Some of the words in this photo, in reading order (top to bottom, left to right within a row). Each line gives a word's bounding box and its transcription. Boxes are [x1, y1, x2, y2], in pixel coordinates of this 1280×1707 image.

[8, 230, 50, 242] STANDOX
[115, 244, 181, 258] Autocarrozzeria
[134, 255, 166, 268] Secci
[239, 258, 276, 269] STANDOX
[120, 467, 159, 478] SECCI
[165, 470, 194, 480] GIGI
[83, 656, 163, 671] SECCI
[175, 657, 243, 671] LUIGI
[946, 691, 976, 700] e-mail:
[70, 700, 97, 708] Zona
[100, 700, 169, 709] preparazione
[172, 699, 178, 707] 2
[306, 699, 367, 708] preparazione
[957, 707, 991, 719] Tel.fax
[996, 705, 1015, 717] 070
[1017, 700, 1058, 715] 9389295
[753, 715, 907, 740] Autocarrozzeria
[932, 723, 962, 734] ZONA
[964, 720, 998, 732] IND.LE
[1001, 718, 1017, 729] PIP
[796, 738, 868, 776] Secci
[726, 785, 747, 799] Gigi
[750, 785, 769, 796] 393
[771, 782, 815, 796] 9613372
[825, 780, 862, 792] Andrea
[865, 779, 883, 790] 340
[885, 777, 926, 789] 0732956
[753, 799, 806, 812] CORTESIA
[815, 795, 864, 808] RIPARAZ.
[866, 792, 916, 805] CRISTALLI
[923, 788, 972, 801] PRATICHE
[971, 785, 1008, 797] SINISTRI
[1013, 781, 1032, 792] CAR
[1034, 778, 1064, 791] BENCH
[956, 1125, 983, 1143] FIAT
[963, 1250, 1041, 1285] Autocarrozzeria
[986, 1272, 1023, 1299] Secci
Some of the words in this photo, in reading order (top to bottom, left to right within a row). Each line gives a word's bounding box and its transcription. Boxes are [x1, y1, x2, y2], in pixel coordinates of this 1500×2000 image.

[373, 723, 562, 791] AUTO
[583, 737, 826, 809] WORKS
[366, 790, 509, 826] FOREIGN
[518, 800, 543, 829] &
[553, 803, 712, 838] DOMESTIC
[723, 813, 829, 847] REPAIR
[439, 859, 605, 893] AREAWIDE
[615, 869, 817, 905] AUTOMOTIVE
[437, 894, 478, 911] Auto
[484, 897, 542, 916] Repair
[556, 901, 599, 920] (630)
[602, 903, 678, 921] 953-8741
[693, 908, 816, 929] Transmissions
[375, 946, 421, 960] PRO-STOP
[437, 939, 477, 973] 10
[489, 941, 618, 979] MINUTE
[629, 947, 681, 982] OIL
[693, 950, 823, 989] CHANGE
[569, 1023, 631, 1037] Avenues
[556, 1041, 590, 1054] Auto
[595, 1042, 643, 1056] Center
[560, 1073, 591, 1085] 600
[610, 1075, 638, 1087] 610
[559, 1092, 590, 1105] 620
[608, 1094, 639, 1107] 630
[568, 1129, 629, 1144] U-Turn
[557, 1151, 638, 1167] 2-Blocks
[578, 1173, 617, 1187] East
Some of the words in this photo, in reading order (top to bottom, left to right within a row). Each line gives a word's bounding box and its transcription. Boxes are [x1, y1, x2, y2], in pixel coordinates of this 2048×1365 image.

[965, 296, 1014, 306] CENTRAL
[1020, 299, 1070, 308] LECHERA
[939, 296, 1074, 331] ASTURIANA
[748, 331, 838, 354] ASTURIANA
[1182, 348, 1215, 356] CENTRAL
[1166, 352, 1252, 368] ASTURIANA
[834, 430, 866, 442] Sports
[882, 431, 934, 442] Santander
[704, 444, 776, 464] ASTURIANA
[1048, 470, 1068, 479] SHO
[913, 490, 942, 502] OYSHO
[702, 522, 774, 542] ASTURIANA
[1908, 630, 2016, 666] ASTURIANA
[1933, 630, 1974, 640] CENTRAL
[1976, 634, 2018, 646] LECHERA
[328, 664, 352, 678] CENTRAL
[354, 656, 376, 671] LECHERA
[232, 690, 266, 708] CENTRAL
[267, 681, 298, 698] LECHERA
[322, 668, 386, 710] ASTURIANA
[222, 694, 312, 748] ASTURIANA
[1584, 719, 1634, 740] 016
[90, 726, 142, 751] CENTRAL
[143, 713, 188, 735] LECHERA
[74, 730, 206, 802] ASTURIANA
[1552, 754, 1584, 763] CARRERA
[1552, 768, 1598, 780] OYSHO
* * * * * * * * *
Write the entries above out again, unchanged and complete.

Some of the words in this photo, in reading order (top to bottom, left to right within a row). Each line gives a word's bounding box and its transcription. Boxes are [x1, y1, x2, y2], in pixel coordinates of this 1280×1707 image.

[8, 230, 50, 242] STANDOX
[115, 244, 181, 258] Autocarrozzeria
[134, 255, 166, 268] Secci
[239, 258, 276, 269] STANDOX
[120, 467, 159, 478] SECCI
[165, 470, 194, 480] GIGI
[83, 656, 163, 671] SECCI
[175, 657, 243, 671] LUIGI
[946, 691, 976, 700] e-mail:
[70, 700, 97, 708] Zona
[100, 700, 169, 709] preparazione
[172, 699, 178, 707] 2
[306, 699, 367, 708] preparazione
[957, 707, 991, 719] Tel.fax
[996, 705, 1015, 717] 070
[1017, 700, 1058, 715] 9389295
[753, 715, 907, 740] Autocarrozzeria
[932, 723, 962, 734] ZONA
[964, 720, 998, 732] IND.LE
[1001, 718, 1017, 729] PIP
[796, 738, 868, 776] Secci
[726, 785, 747, 799] Gigi
[750, 785, 769, 796] 393
[771, 782, 815, 796] 9613372
[825, 780, 862, 792] Andrea
[865, 779, 883, 790] 340
[885, 777, 926, 789] 0732956
[753, 799, 806, 812] CORTESIA
[815, 795, 864, 808] RIPARAZ.
[866, 792, 916, 805] CRISTALLI
[923, 788, 972, 801] PRATICHE
[971, 785, 1008, 797] SINISTRI
[1013, 781, 1032, 792] CAR
[1034, 778, 1064, 791] BENCH
[956, 1125, 983, 1143] FIAT
[963, 1250, 1041, 1285] Autocarrozzeria
[986, 1272, 1023, 1299] Secci
Some of the words in this photo, in reading order (top to bottom, left to right within a row). Each line gives a word's bounding box and its transcription. Boxes are [x1, y1, x2, y2], in pixel coordinates of this 1500×2000 image.

[373, 723, 562, 791] AUTO
[583, 737, 826, 809] WORKS
[366, 790, 509, 826] FOREIGN
[518, 800, 543, 829] &
[553, 803, 712, 838] DOMESTIC
[723, 813, 829, 847] REPAIR
[439, 859, 605, 893] AREAWIDE
[615, 869, 817, 905] AUTOMOTIVE
[437, 894, 478, 911] Auto
[484, 897, 542, 916] Repair
[556, 901, 599, 920] (630)
[602, 903, 678, 921] 953-8741
[693, 908, 816, 929] Transmissions
[375, 946, 421, 960] PRO-STOP
[437, 939, 477, 973] 10
[489, 941, 618, 979] MINUTE
[629, 947, 681, 982] OIL
[693, 950, 823, 989] CHANGE
[569, 1023, 631, 1037] Avenues
[556, 1041, 590, 1054] Auto
[595, 1042, 643, 1056] Center
[560, 1073, 591, 1085] 600
[610, 1075, 638, 1087] 610
[559, 1092, 590, 1105] 620
[608, 1094, 639, 1107] 630
[568, 1129, 629, 1144] U-Turn
[557, 1151, 638, 1167] 2-Blocks
[578, 1173, 617, 1187] East
Some of the words in this photo, in reading order (top to bottom, left to right within a row). Each line gives a word's bounding box and its transcription. Boxes are [x1, y1, x2, y2], in pixel coordinates of this 2048×1365 image.

[965, 296, 1014, 306] CENTRAL
[1020, 299, 1070, 308] LECHERA
[939, 296, 1074, 331] ASTURIANA
[748, 331, 838, 354] ASTURIANA
[1182, 348, 1215, 356] CENTRAL
[1166, 352, 1252, 368] ASTURIANA
[834, 430, 866, 442] Sports
[882, 431, 934, 442] Santander
[704, 444, 776, 464] ASTURIANA
[1048, 470, 1068, 479] SHO
[913, 490, 942, 502] OYSHO
[702, 522, 774, 542] ASTURIANA
[1908, 630, 2016, 666] ASTURIANA
[1933, 630, 1974, 640] CENTRAL
[1976, 634, 2018, 646] LECHERA
[328, 664, 352, 678] CENTRAL
[354, 656, 376, 671] LECHERA
[232, 690, 266, 708] CENTRAL
[267, 681, 298, 698] LECHERA
[322, 668, 386, 710] ASTURIANA
[222, 694, 312, 748] ASTURIANA
[1584, 719, 1634, 740] 016
[90, 726, 142, 751] CENTRAL
[143, 713, 188, 735] LECHERA
[74, 730, 206, 802] ASTURIANA
[1552, 754, 1584, 763] CARRERA
[1552, 768, 1598, 780] OYSHO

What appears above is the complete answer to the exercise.